§ **WHAT IS EXPECTED**: Write the listing out again word for word, excluding any pictures.

§ **RECORDS SHOWN**:

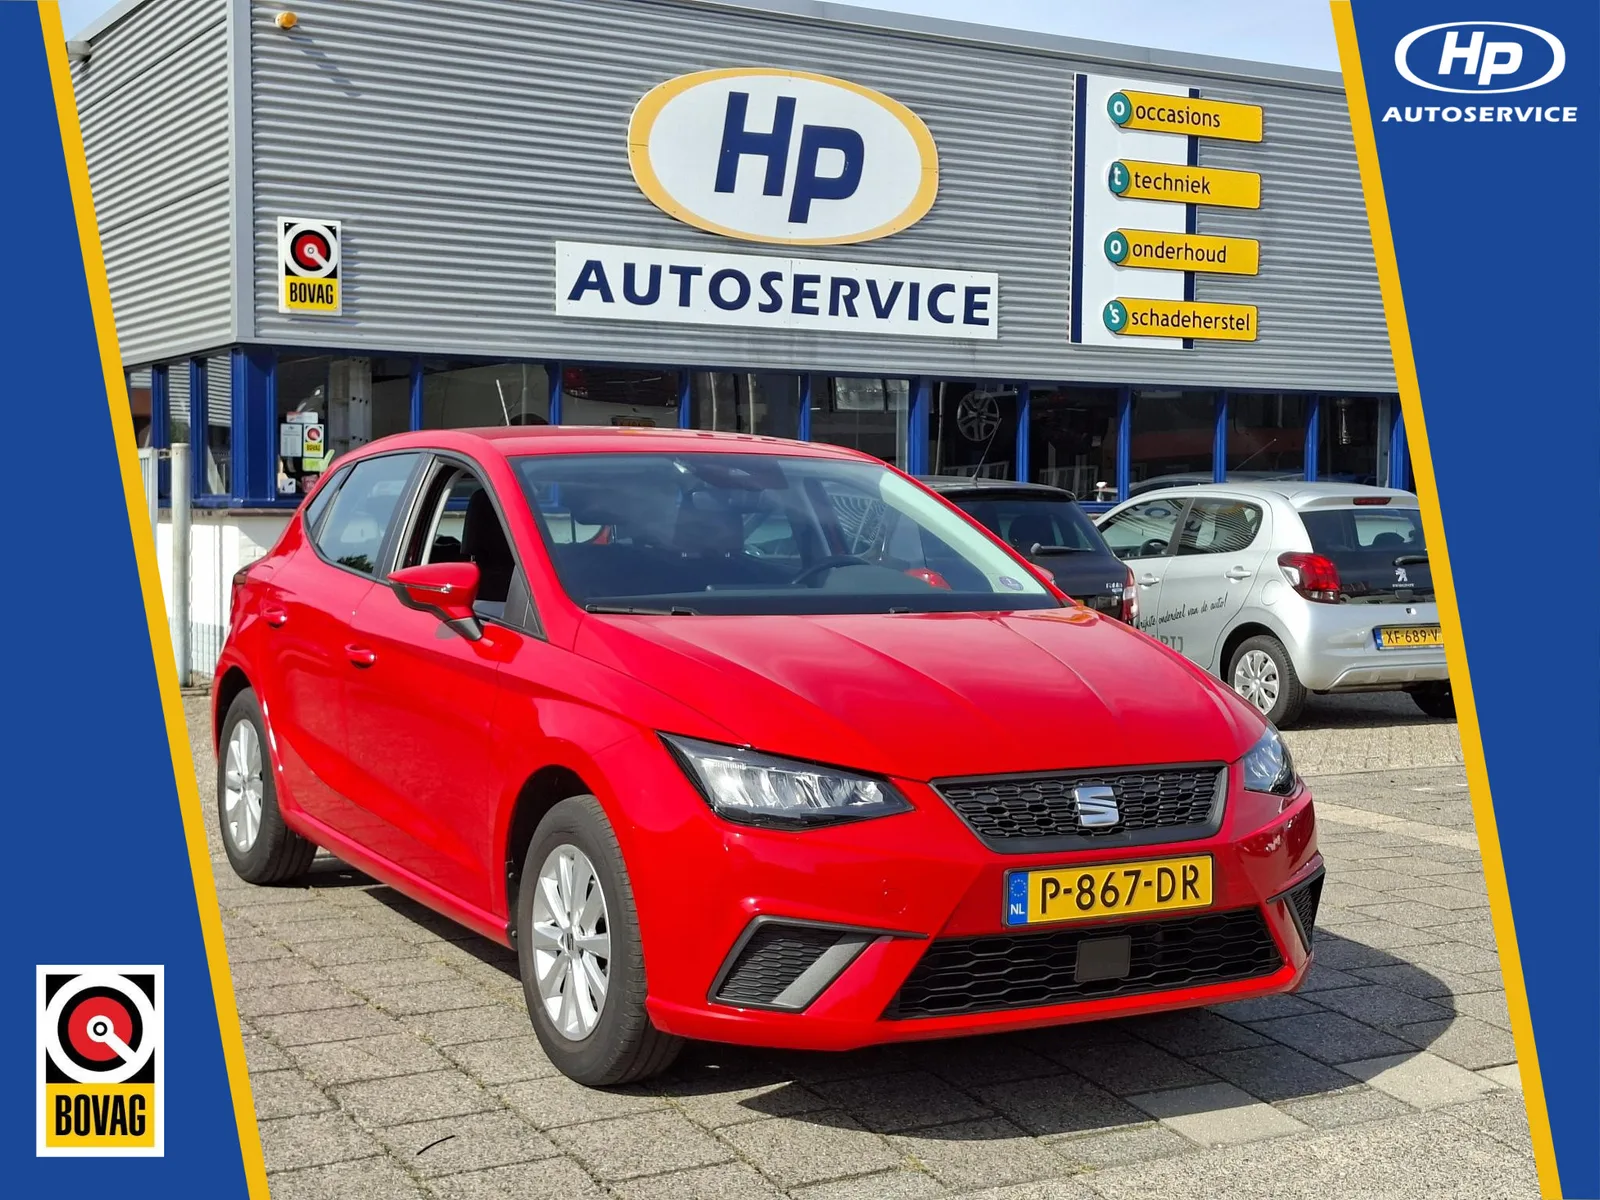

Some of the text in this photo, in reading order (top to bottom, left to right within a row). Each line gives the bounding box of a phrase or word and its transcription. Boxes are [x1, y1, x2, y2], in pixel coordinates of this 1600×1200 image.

[1135, 105, 1221, 128] occasions
[1134, 171, 1211, 195] techniek
[1132, 240, 1227, 263] onderhoud
[289, 282, 333, 305] BOVAG
[567, 259, 991, 327] AUTOSERVICE
[1131, 308, 1250, 331] schadeherstel
[1158, 603, 1186, 625] onderdeel
[1187, 606, 1198, 617] van
[1201, 600, 1208, 614] de
[1385, 628, 1442, 644] XF-689-V
[1010, 863, 1200, 915] NL P-867-DR

§ **ANSWER TO THIS TASK**:
Some of the text in this photo, in reading order (top to bottom, left to right within a row). Each line gives the bounding box of a phrase or word and its transcription. Boxes are [x1, y1, x2, y2], in pixel coordinates of this 1600×1200 image.

[1135, 105, 1221, 128] occasions
[1134, 171, 1211, 195] techniek
[1132, 240, 1227, 263] onderhoud
[289, 282, 333, 305] BOVAG
[567, 259, 991, 327] AUTOSERVICE
[1131, 308, 1250, 331] schadeherstel
[1158, 603, 1186, 625] onderdeel
[1187, 606, 1198, 617] van
[1201, 600, 1208, 614] de
[1385, 628, 1442, 644] XF-689-V
[1010, 863, 1200, 915] NL P-867-DR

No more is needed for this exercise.